Singles from Raw and Un-Kutt
- "Get Kutt" Released: May 18, 2010;

= Raw and Un-Kutt =

Raw and Un-Kutt is the third solo studio album by American rapper Kutt Calhoun. It was released on June 8, 2010 via Strange Music. Production was handled by Seven, DJ Frequency, Young Fyre, Justinn "Axis" Patton, Robert Rebeck, Evsclusive and Jonah "Matic Lee" Appleby, with Q-Rock and Ronald Richardson Jr. serving as additional producers.
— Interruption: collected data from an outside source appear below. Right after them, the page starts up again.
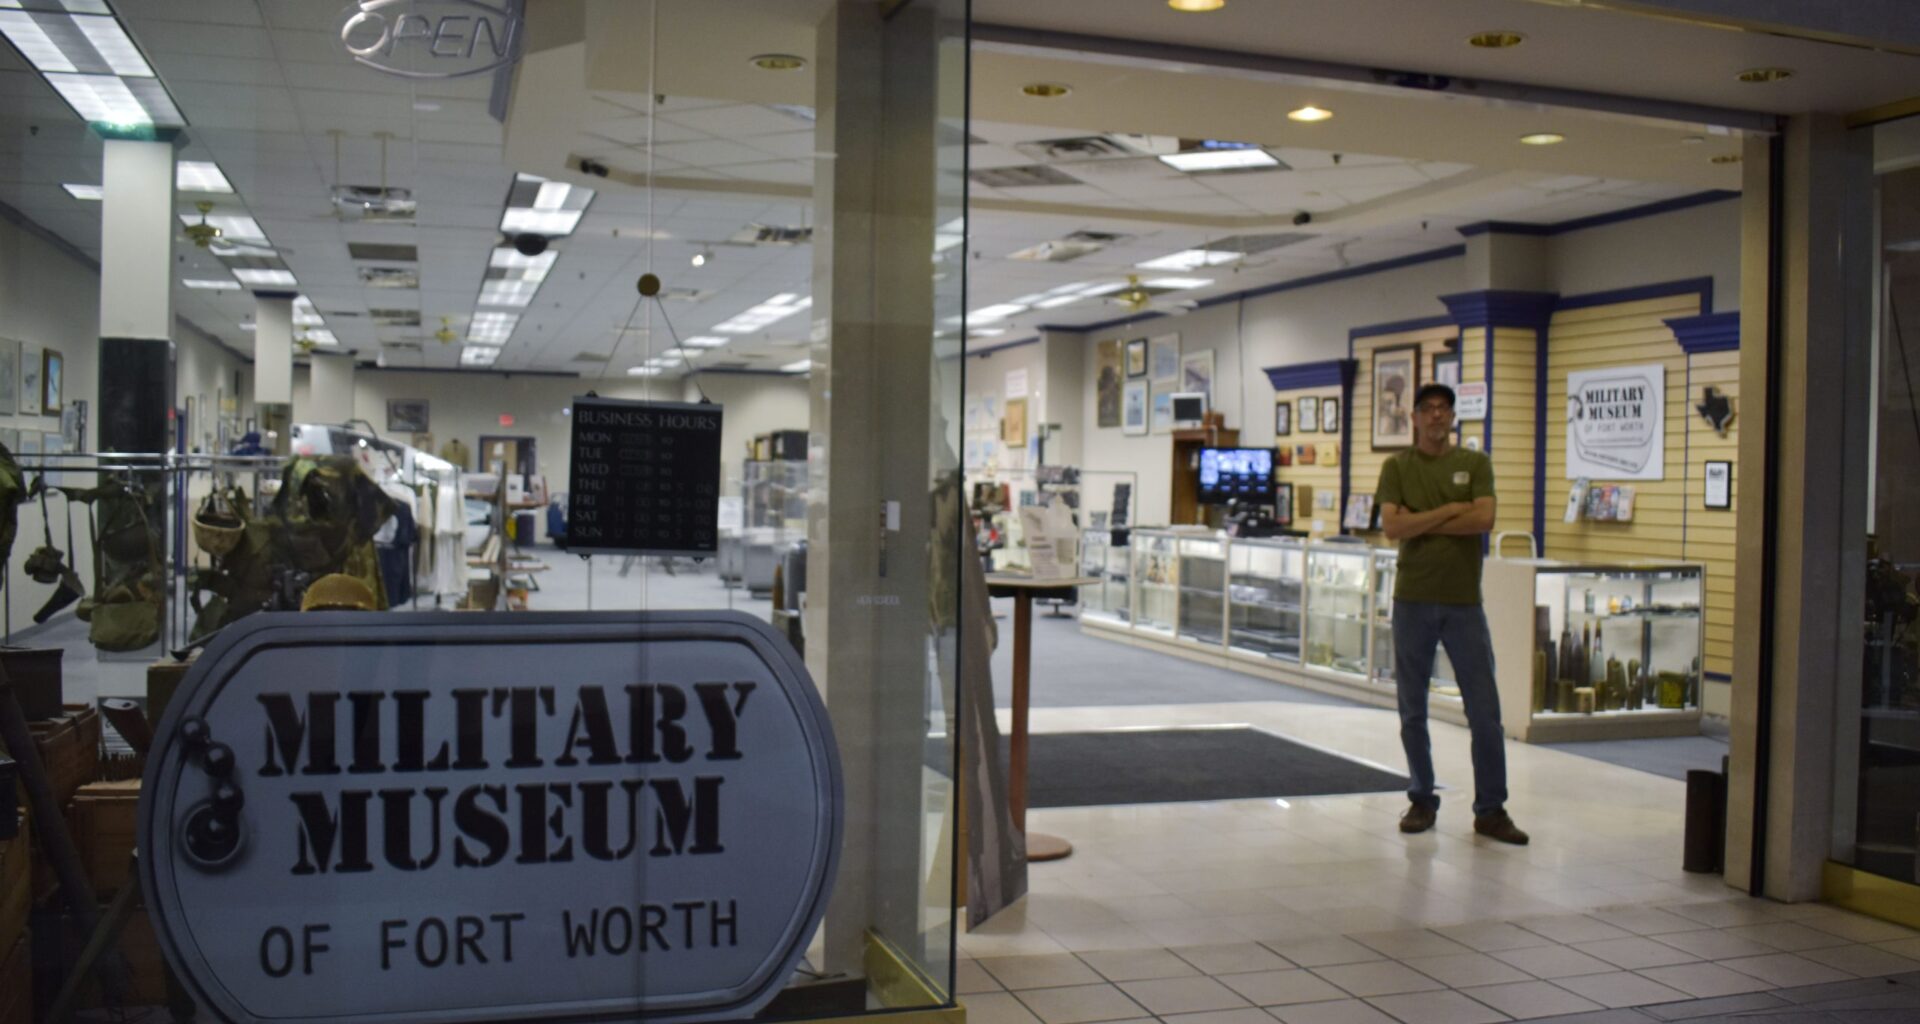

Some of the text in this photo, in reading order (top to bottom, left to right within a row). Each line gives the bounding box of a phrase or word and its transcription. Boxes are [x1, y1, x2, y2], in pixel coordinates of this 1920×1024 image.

[341, 11, 517, 58] OPEN
[1585, 386, 1645, 403] MILITARY
[1589, 403, 1642, 420] MUSEUM
[578, 410, 717, 430] BUSINESS HOURS
[579, 432, 612, 443] MON
[579, 447, 603, 458] TUE
[578, 463, 609, 474] WED
[578, 478, 605, 490] THU
[576, 494, 596, 505] FRI
[575, 510, 598, 521] SAT
[575, 526, 603, 537] SUN
[257, 681, 757, 778] MILITARY
[290, 775, 725, 875] MUSEUM
[259, 899, 739, 979] OF FORT WORTH
It features guest appearances from 816 Boyz, Barbara Ward, BG Bulletwound, Bishop Young Don, Brotha Lynch Hung, Craig Smith, D-Skanless, E-40, Irv Da Phenom, Jerita Streater, Joe Budden, Krizz Kaliko, Nesto The Owner, Riv Locc, Stevie Stone, Tech N9ne and Too Short.

The album debuted at number 170 on the Billboard 200, number 27 on the Top R&B/Hip-Hop Albums, number 15 on the Top Rap Albums, number 28 on the Independent Albums and number 6 on the Heatseekers Albums charts in the United States.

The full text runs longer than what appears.